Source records
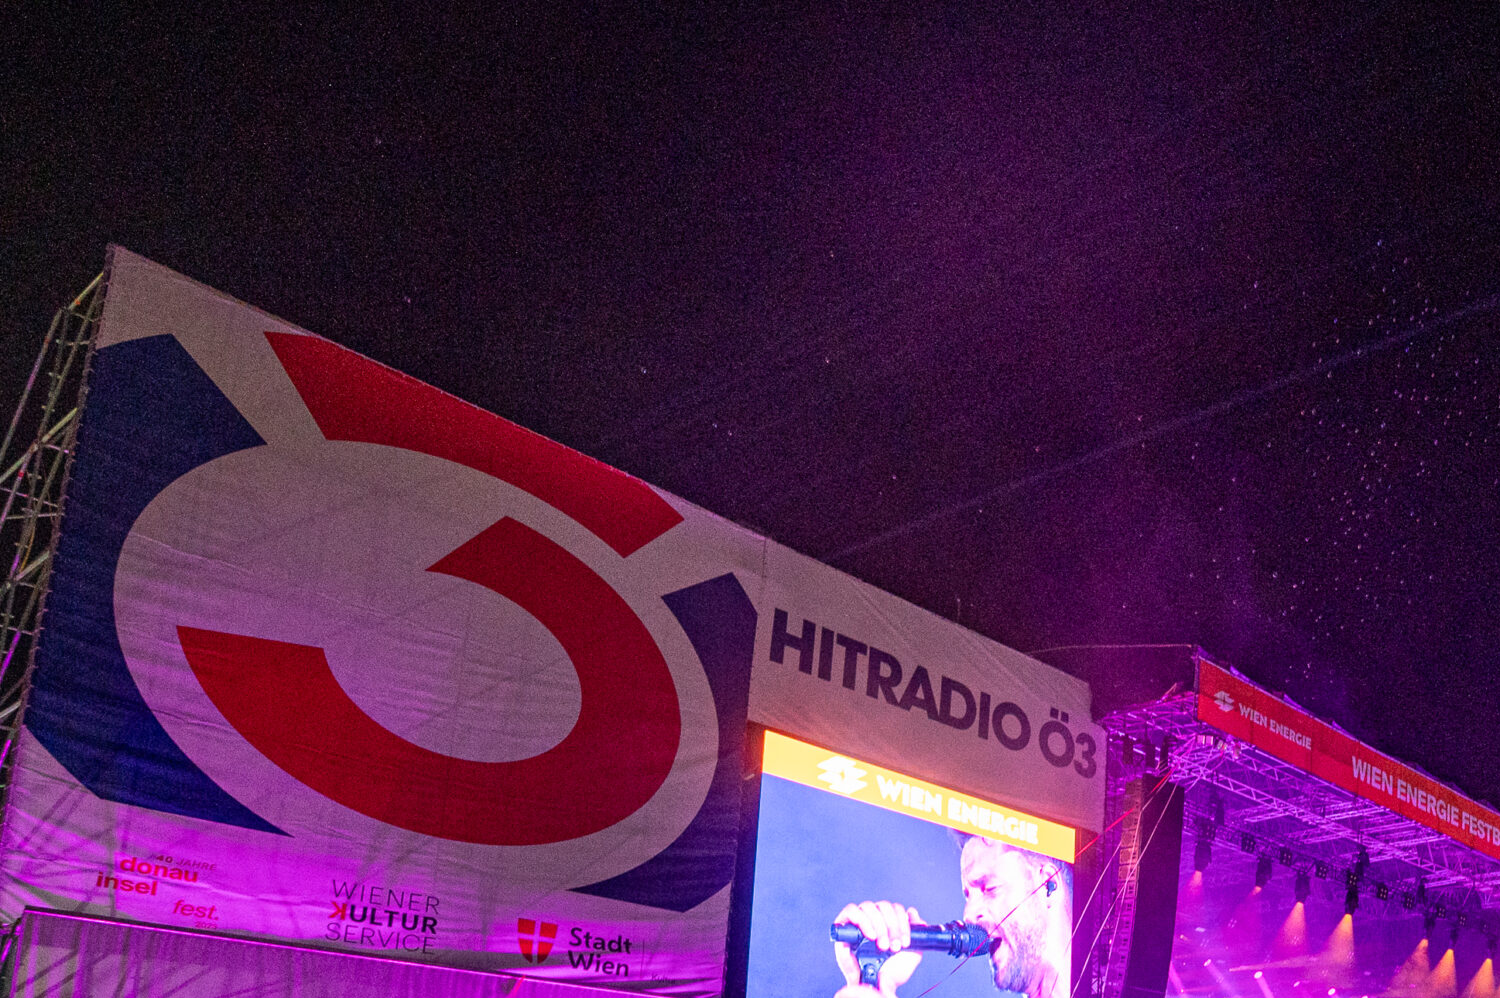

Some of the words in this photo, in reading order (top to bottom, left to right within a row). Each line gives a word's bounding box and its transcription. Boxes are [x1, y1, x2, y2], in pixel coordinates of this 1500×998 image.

[769, 607, 1031, 751] HITRADIO
[1039, 708, 1097, 779] Ö3
[1238, 702, 1268, 728] WIEN
[1269, 718, 1312, 750] ENERGIE
[1352, 755, 1394, 796] WIEN
[1396, 778, 1460, 827] ENERGIE
[876, 774, 942, 817] WIEN
[948, 796, 1039, 845] ENERGIE
[96, 872, 158, 896] insel
[120, 857, 198, 883] donau
[172, 899, 219, 920] fest.
[332, 880, 440, 915] WIENER
[328, 901, 438, 934] KULTUR
[325, 922, 437, 955] SERVICE
[569, 927, 632, 954] Stadt
[567, 950, 629, 977] Wien

### Task to complete
Please write the data out again exactly, but do not carry over the pictures.

### Written response
Some of the words in this photo, in reading order (top to bottom, left to right within a row). Each line gives a word's bounding box and its transcription. Boxes are [x1, y1, x2, y2], in pixel coordinates of this 1500×998 image.

[769, 607, 1031, 751] HITRADIO
[1039, 708, 1097, 779] Ö3
[1238, 702, 1268, 728] WIEN
[1269, 718, 1312, 750] ENERGIE
[1352, 755, 1394, 796] WIEN
[1396, 778, 1460, 827] ENERGIE
[876, 774, 942, 817] WIEN
[948, 796, 1039, 845] ENERGIE
[96, 872, 158, 896] insel
[120, 857, 198, 883] donau
[172, 899, 219, 920] fest.
[332, 880, 440, 915] WIENER
[328, 901, 438, 934] KULTUR
[325, 922, 437, 955] SERVICE
[569, 927, 632, 954] Stadt
[567, 950, 629, 977] Wien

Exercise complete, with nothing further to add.